Friday, September 4, 2009

Comparing Canada and the US

I found this graphic in the Bank of Montreal's financial digest, Focus, to be interesting. It shows how much better Canada has fared during this economic collapse compared to the US:


This looks good, but there are some ugly details gnawing away at Canada which will cost this country in the long run:
  • US productivity is growing at 6.6% annually. But Canada productivity is lagging. For 2008 it fell by 0.5%. A government publication that reviews the dismal story of how Canadian productivity lags the US can be found here. With dismal data showing this:


  • The current account balance will fall to -$40 billion this year. In the last few years we had been running a surplus of +$15 billion/year. This is "the American disease" and it has hit Canada with a vengance this year because of the shrinkage of manufacturing in central Canada and the drop in resource prices.

  • The loonie soared and has now crashed. Late in 2007 it hit U$1.10 per C$1 as resource prices spiked. That lowered costs for Canadians but it trashed a lot of Canadian industry which suddenly found itself as too high cost producers to be competitive. The consequences reverberated through 2008 and with the global crash of late 2008 everything has only gotten worse. The one-two whammy has sent manufacturing reeling.
So the initial graph showing relative Canadian strength may make Canadians smug, but there is a lot to worry about. This year the depth of downturn in Canada keeps surprising economists. We started the year patting ourselves on the back that our financial institutions came through relatively unscathed.
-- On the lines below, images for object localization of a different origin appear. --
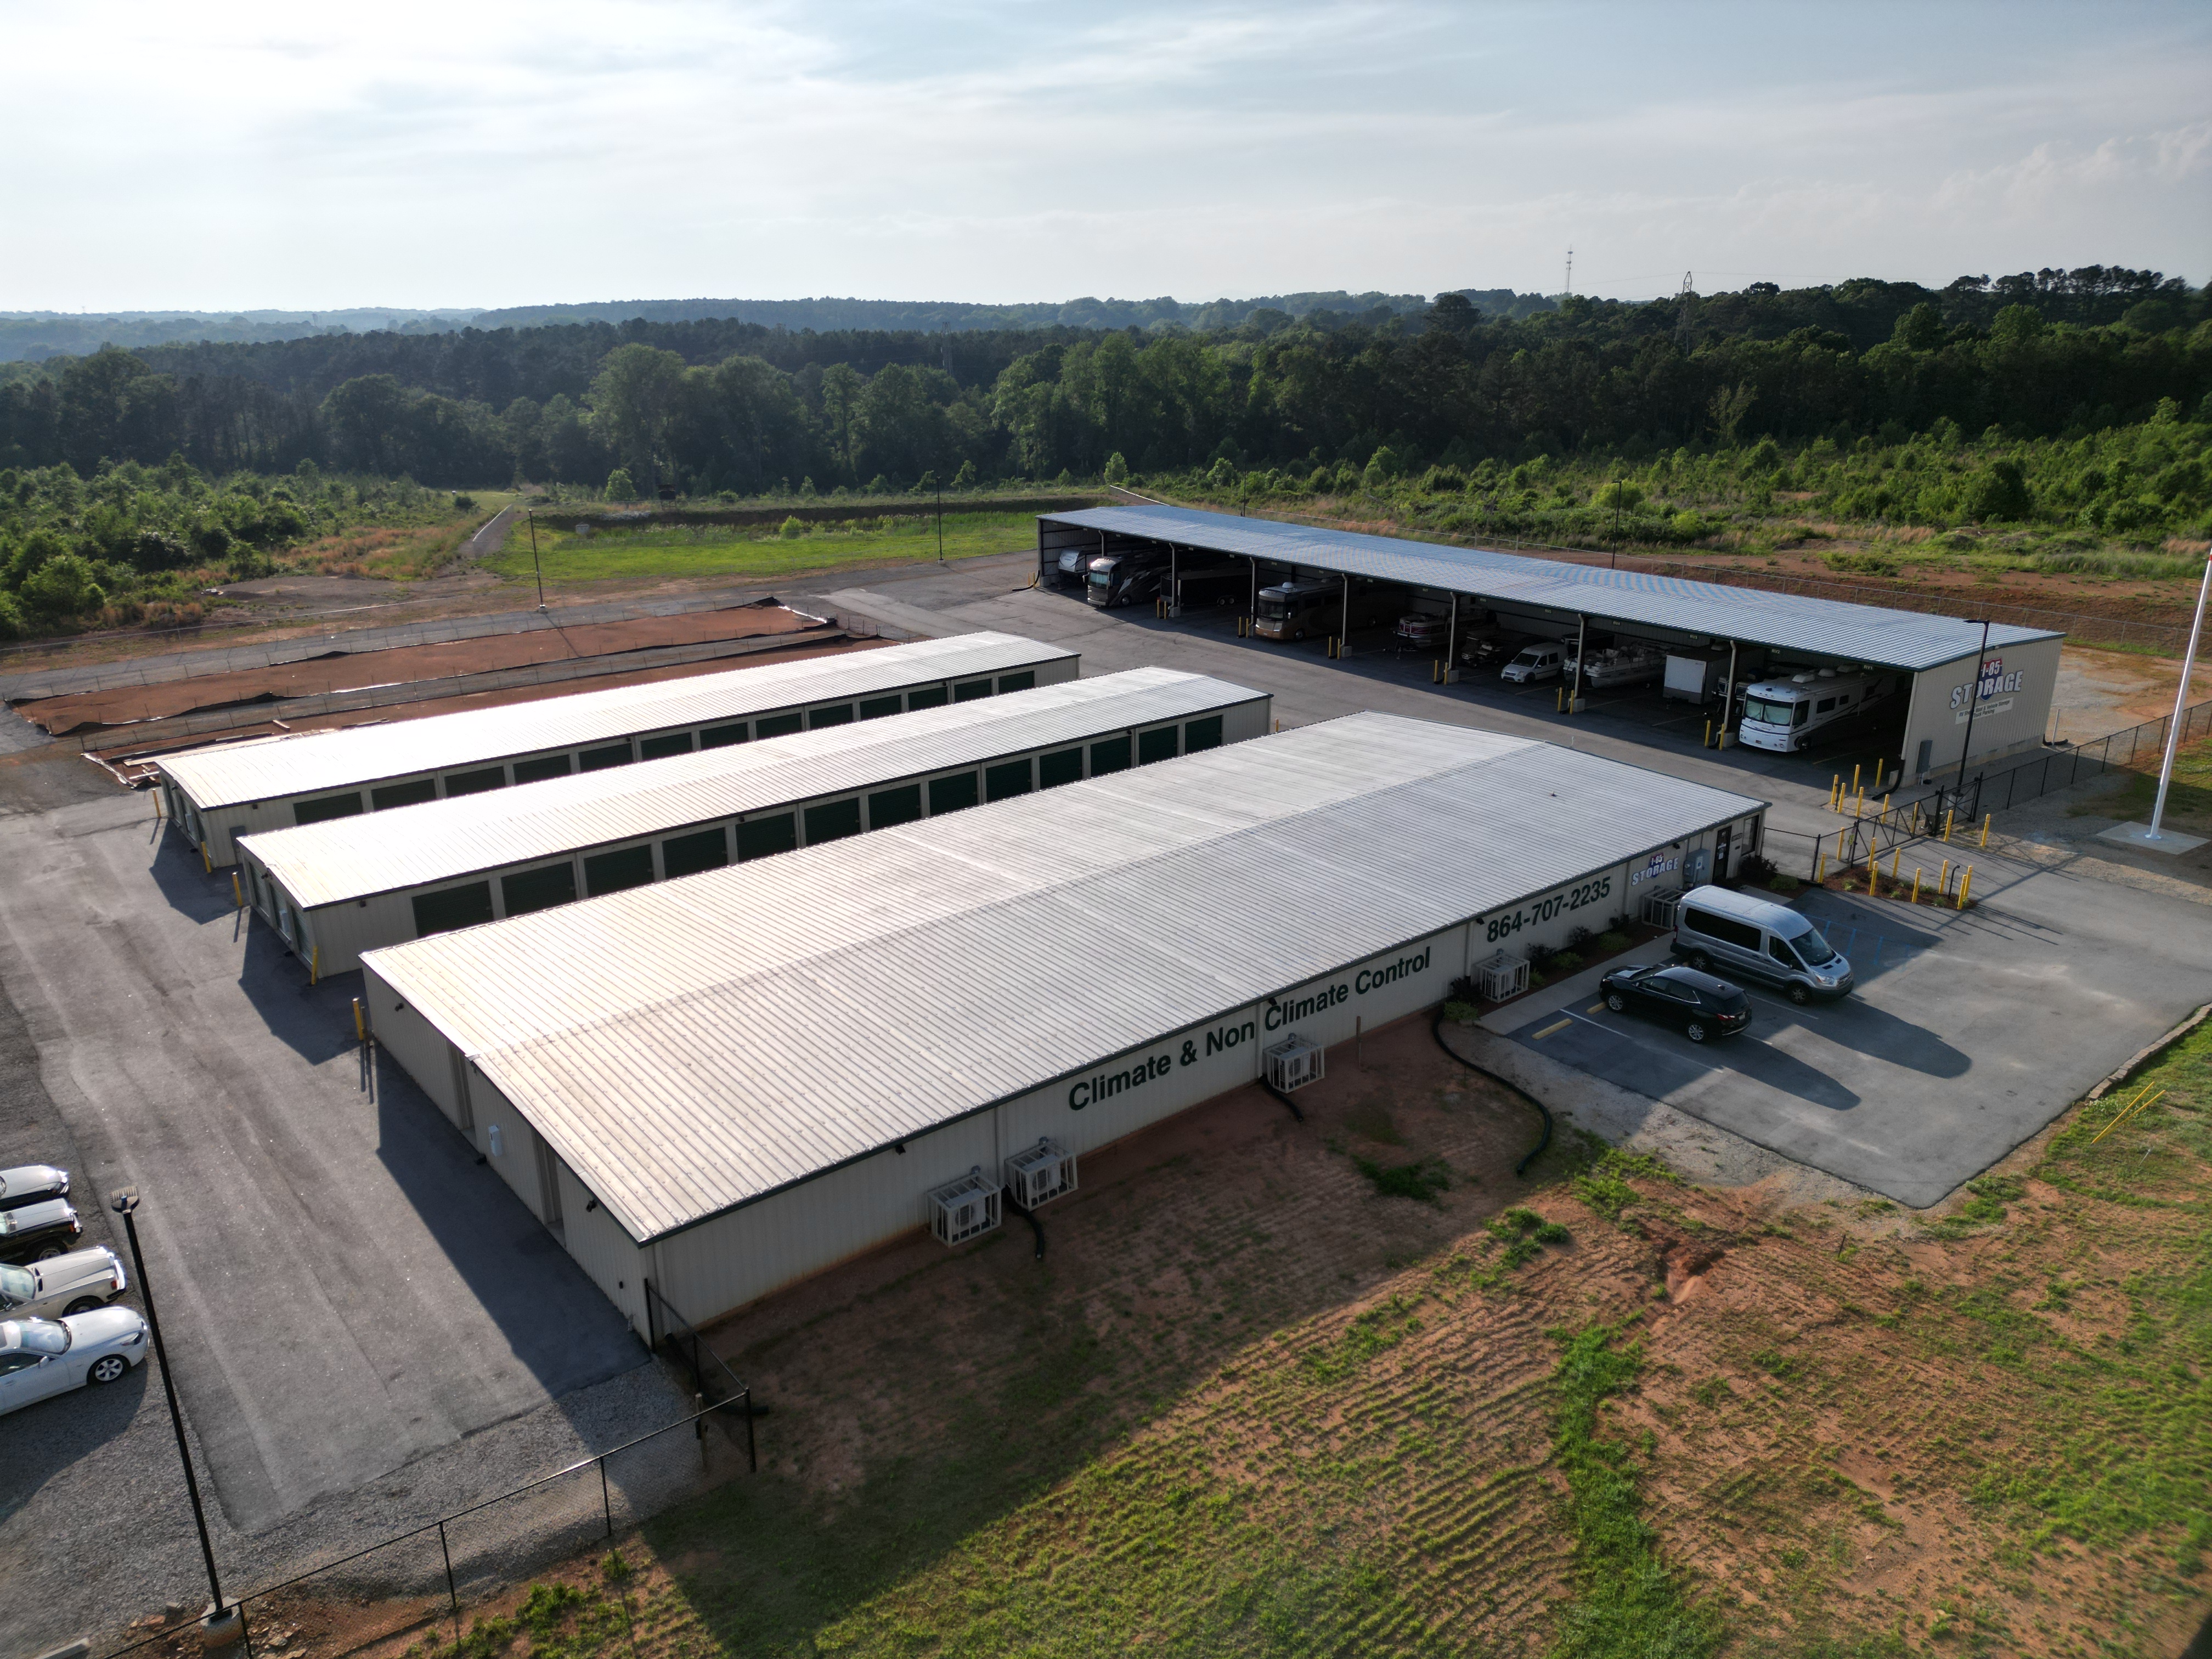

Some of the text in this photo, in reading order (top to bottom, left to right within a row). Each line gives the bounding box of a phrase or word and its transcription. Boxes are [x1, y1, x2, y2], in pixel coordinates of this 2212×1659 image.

[1982, 660, 2001, 678] I-85
[1632, 857, 1679, 886] STORAGE
[1651, 854, 1663, 866] I-85
[1487, 876, 1611, 943] 864-707-2235
[1069, 946, 1430, 1111] Climate & Non Climate Control
But there is a sickness in the land and it has shown up as a worse downturn than expected and a delayed recovery, a weaker recovery.
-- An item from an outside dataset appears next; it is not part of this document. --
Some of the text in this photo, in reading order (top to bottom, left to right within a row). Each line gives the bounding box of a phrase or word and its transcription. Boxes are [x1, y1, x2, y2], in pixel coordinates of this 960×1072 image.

The moral of the story: don't gloat. The US appears to be in worse shape than us. But I suspect they will spring back stronger than us because there is a lingering disease, an economic malaise in Canada, reflected in the terrible productivity numbers. You can't have a better lifestyle if you can't increase productivity. Productivity is the only thing that delivers more goods for less effort. Canadians need to do some soul searching for why our economy has this problem. We know we have a better financial system, we have a better education system, we have a better health care system. So why are we unable to show better productivity?

I'm not an economist. I have no answers. I'm simply expressing my unease.